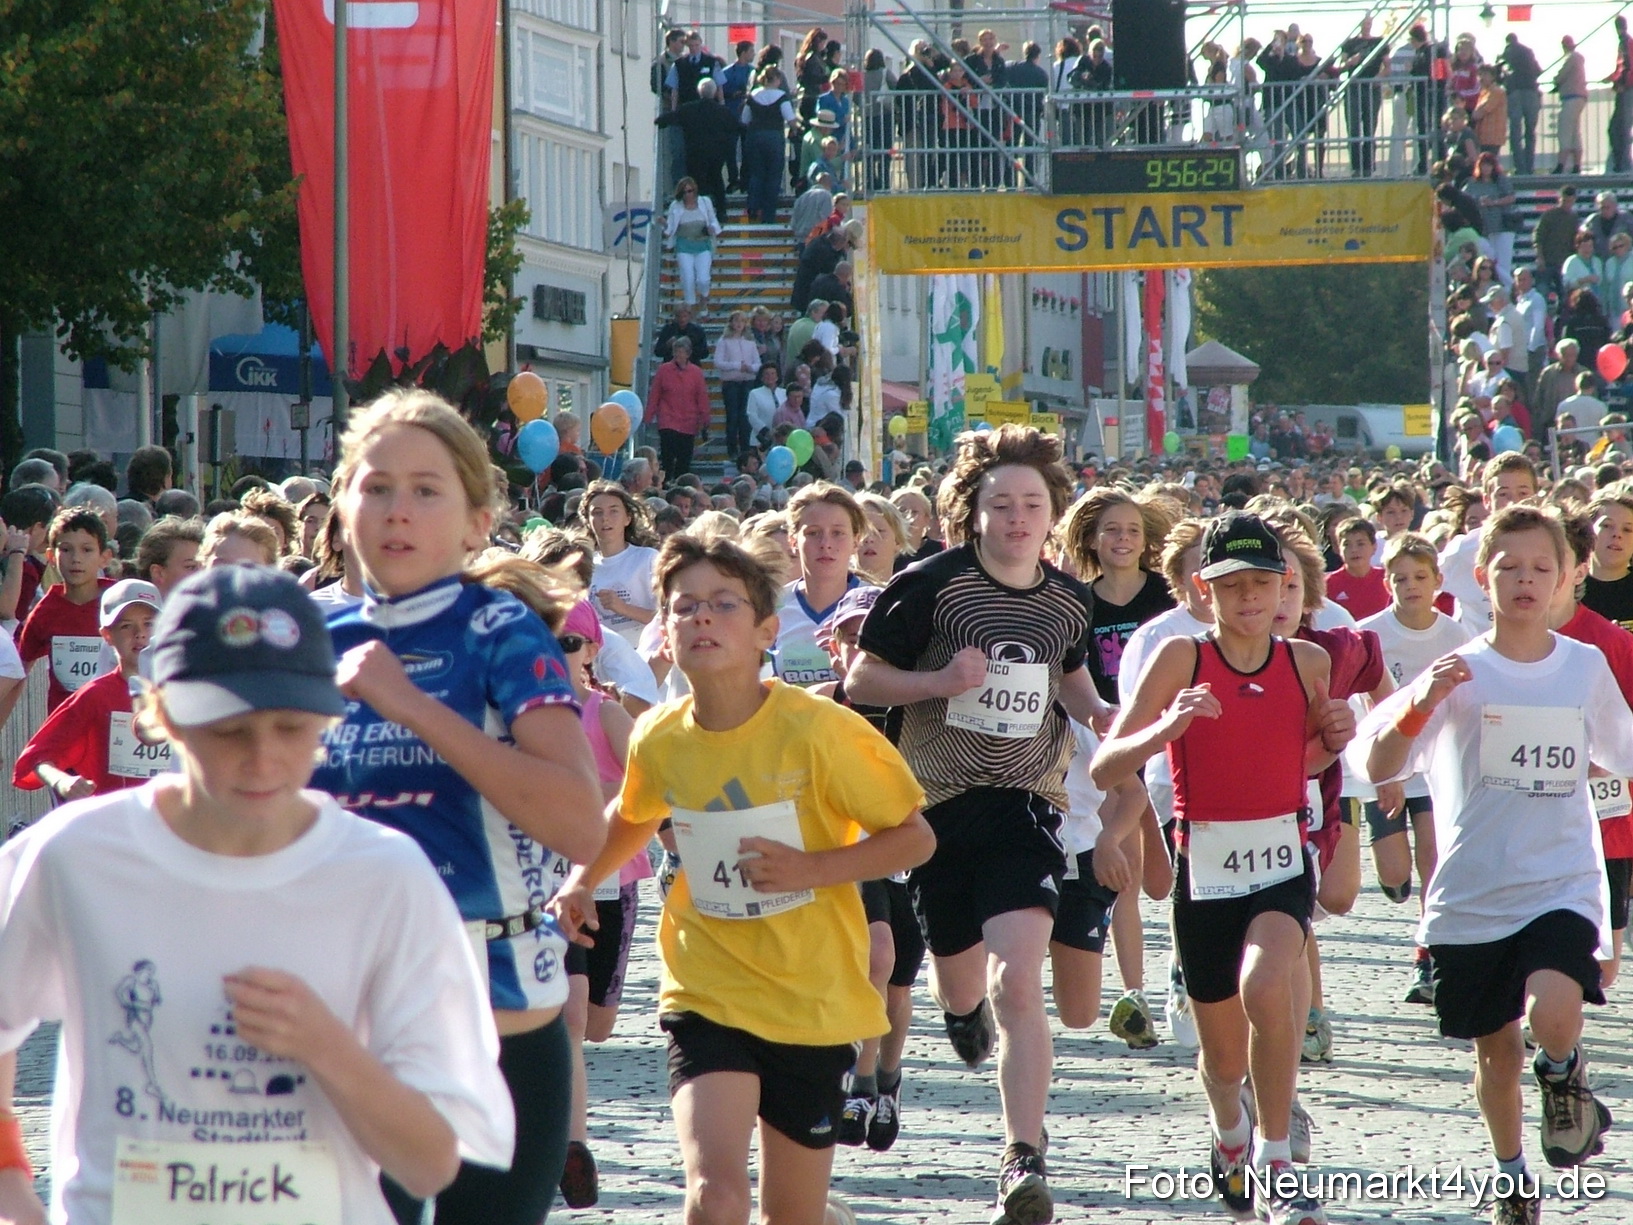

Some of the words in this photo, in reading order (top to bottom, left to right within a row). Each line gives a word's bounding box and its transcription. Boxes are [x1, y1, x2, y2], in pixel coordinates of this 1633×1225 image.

[904, 235, 968, 245] Neumarkter
[1055, 205, 1244, 251] START
[1032, 414, 1055, 424] Block
[69, 641, 101, 653] Samuel
[978, 687, 1041, 713] 4056
[363, 720, 419, 742] ERG
[1511, 744, 1576, 769] 4150
[1223, 845, 1293, 873] 4119
[115, 1087, 149, 1120] 8.
[158, 1101, 306, 1130] Neumarkter

WORK INSTRUCTION ▸
Retype the records above exactly, pictures omitted.

TASK RESPONSE ▸
Some of the words in this photo, in reading order (top to bottom, left to right within a row). Each line gives a word's bounding box and its transcription. Boxes are [x1, y1, x2, y2], in pixel coordinates of this 1633×1225 image.

[904, 235, 968, 245] Neumarkter
[1055, 205, 1244, 251] START
[1032, 414, 1055, 424] Block
[69, 641, 101, 653] Samuel
[978, 687, 1041, 713] 4056
[363, 720, 419, 742] ERG
[1511, 744, 1576, 769] 4150
[1223, 845, 1293, 873] 4119
[115, 1087, 149, 1120] 8.
[158, 1101, 306, 1130] Neumarkter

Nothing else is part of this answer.